The Ford F-150 Lightning is cheaper to buy than a gas-powered Ford F-150
Ford’s new F-150 Lightning — the electric pickup truck that can back up your home in the event of a power outage — is 17% cheaper to buy than the gas-powered version of the vehicle. That’s according to a new analysis that examines some of the most popular cars and trucks in the US, then compares the cost to the closest electric equivalent.
“When you’re buying a vehicle, it’s really hard to know what the total cost will be over the life of the vehicle,” said Tom Taylor, policy analyst at Atlas Public Policy, the organization that conducted the analysis. “So this is part of giving people better data to help them reconsider that decision. And then also to simply challenge the prevailing view that electric vehicles are more expensive.”

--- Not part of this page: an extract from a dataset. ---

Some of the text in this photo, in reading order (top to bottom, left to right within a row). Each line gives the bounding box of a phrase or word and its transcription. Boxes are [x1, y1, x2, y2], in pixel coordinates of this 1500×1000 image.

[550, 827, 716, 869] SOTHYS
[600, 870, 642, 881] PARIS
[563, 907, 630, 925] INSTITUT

Others have looked at the cost differential between electric and gas vehicles in the past, but this is the first calculation that looks at specific models and compares costs over an expected eight-year service life. The gas version of the Ford F-150 is the best-selling vehicle in the country and has been for more than four decades. The F-150 Lightning could become the best-selling electric vehicle. (When Ford stopped taking reservations last December when it started production, 200,000 people had signed up.) The base model starts at $39,974, about $10,000 more than its petrol twin. But the $7,500 EV tax credit lowers costs. The analysis did not address government incentives, which may help more. In Maine, for example, there is a $2,000 rebate for electric vehicles, and low-income customers can get a $5,500 rebate.

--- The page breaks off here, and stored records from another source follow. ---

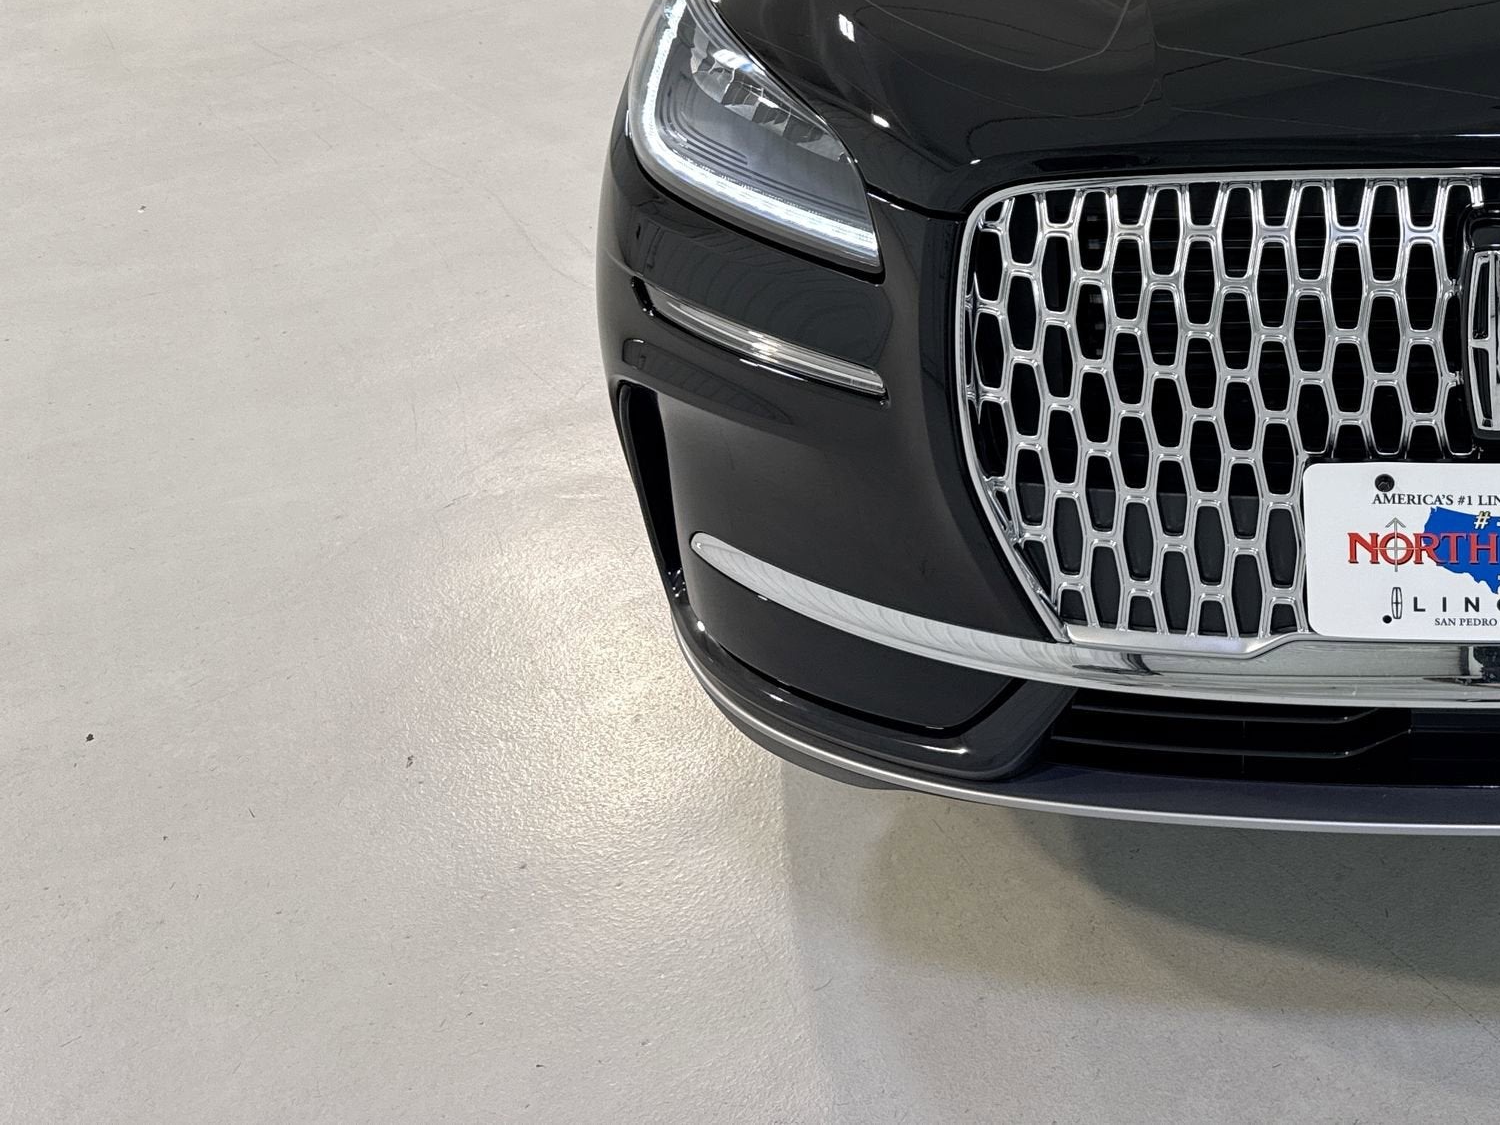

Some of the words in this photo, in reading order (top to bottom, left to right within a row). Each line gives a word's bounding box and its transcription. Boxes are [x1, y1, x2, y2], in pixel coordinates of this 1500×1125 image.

[1373, 493, 1453, 507] AMERICA'S
[1457, 495, 1473, 506] #1
[1347, 532, 1499, 565] NORTH
[1434, 618, 1457, 627] SAN
[1459, 618, 1498, 627] PEDRO

The real cost benefit comes over time as it costs less to charge the truck than buying petrol, and it also becomes cheaper to maintain as electric vehicles have fewer moving parts. The same applies to other electric cars. “When it comes to fuel costs, there are significant savings for electric vehicles,” says Taylor. “It depends a bit on what vehicle and class it is. But if we look at a light sedan, for example, it’s a very cheap sedan and the fuel cost is effectively 50% of the fuel cost for one [internal combustion engine] Vehicle. So that’s a really significant saving.” (Calculations assume someone charges their vehicle at home most of the time, and public charging costs come from data from Electrify America.)
The analysis also compares the Honda CRV, one of the most popular SUVs, with Volkswagen’s electric ID.4. The electric SUV has 15% lower total cost of ownership. Owning a Tesla Model 3 is almost 5% cheaper than a similar Lexus. Chevy’s electric Bolt is 6% cheaper than a similar Toyota Corolla. (The cost savings are smaller on the cars, as Tesla and Bolt used up their share of the $7,500 EV tax credit.)
The real turning point for EVs is likely to come when the initial sticker price is also lower. That’s likely to happen relatively soon: A forecast by Bloomberg NEF suggests that in less than five years, without subsidies or accounting for fuel savings, electric vehicles could be cheaper to buy than their gas-powered counterparts.